Characterization and Chemical Synthesis of Cm39 (α-KTx 4.8): A Scorpion Toxin That Inhibits Voltage-Gated K+ Channel KV1.2 and Small- and Intermediate-Conductance Ca2+-Activated K+ Channels KCa2.2 and KCa3.1

A novel peptide, Cm39, was identified in the venom of the scorpion Centruroides margaritatus. Its primary structure was determined. It consists of 37 amino acid residues with a MW of 3980.2 Da. The full chemical synthesis and proper folding of Cm39 was obtained. Based on amino acid sequence alignment with different K+ channel inhibitor scorpion toxin (KTx) families and phylogenetic analysis, Cm39 belongs to the alpha-KTx 4 family and was registered with the systematic number of alpha-KTx 4.8. Synthetic Cm39 inhibits the voltage-gated K+ channel hK(V)1.2 with high affinity (K-d = 65 nM). The conductance-voltage relationship of K(V)1.2 was not altered in the presence of Cm39, and the analysis of the toxin binding kinetics was consistent with a bimolecular interaction between the peptide and the channel; therefore, the pore blocking mechanism is proposed for the toxin-channel interaction. Cm39 also inhibits the Ca2+-activated K(Ca)2.2 and K(Ca)3.1 channels, with K-d = 502 nM, and K-d = 58 nM, respectively.
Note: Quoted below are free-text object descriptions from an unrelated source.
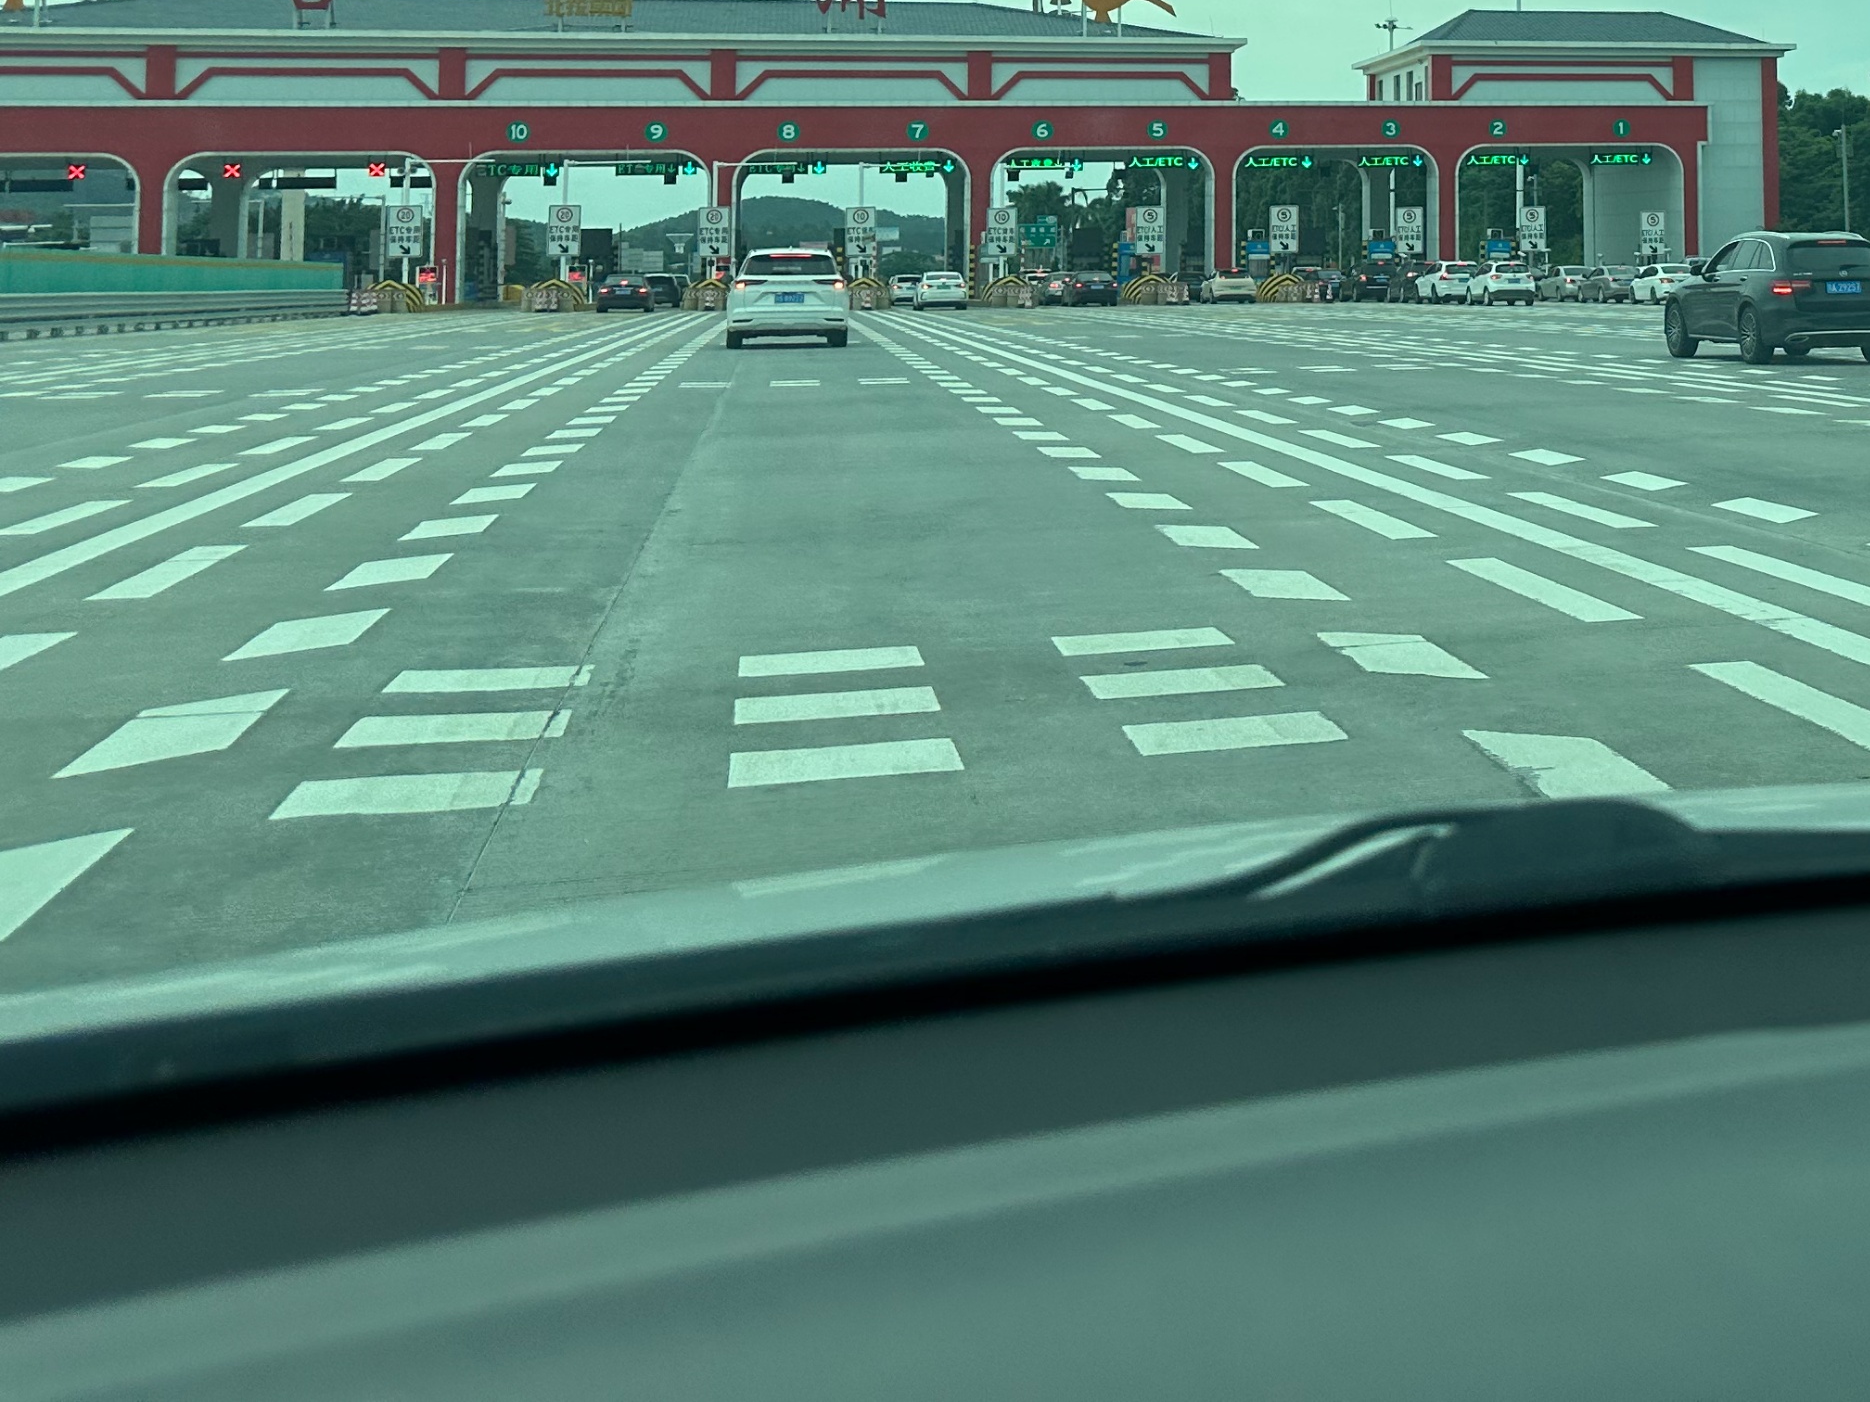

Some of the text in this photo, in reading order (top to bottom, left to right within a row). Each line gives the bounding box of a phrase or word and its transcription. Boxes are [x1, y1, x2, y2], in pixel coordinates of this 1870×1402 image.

[510, 124, 528, 140] 10
[650, 125, 663, 139] 9
[782, 125, 796, 139] 8
[912, 124, 924, 138] 7
[1036, 123, 1049, 137] 6
[1152, 123, 1164, 137] 5
[1272, 122, 1284, 136] 4
[1385, 122, 1396, 135] 3
[1493, 122, 1504, 135] 2
[1128, 156, 1183, 168] 人工/ETC
[1245, 156, 1298, 168] 人工/ETC
[1358, 156, 1409, 167] 人工/ETC
[1467, 155, 1516, 166] 人工/ETC
[1590, 154, 1638, 165] 人工/ETC
However, the peptide does not inhibit hK(V)1.1, hK(V)1.3, hK(V)1.4, hK(V)1.5, hK(V)1.6, hK(V)11.1, mK(Ca)1.1 K+ channels or the hNa(V)1.5 and hNa(V)1.4 Na+ channels at 1 mu M concentrations. Understanding the unusual selectivity profile of Cm39 motivates further experiments to reveal novel interactions with the vestibule of toxin-sensitive channels.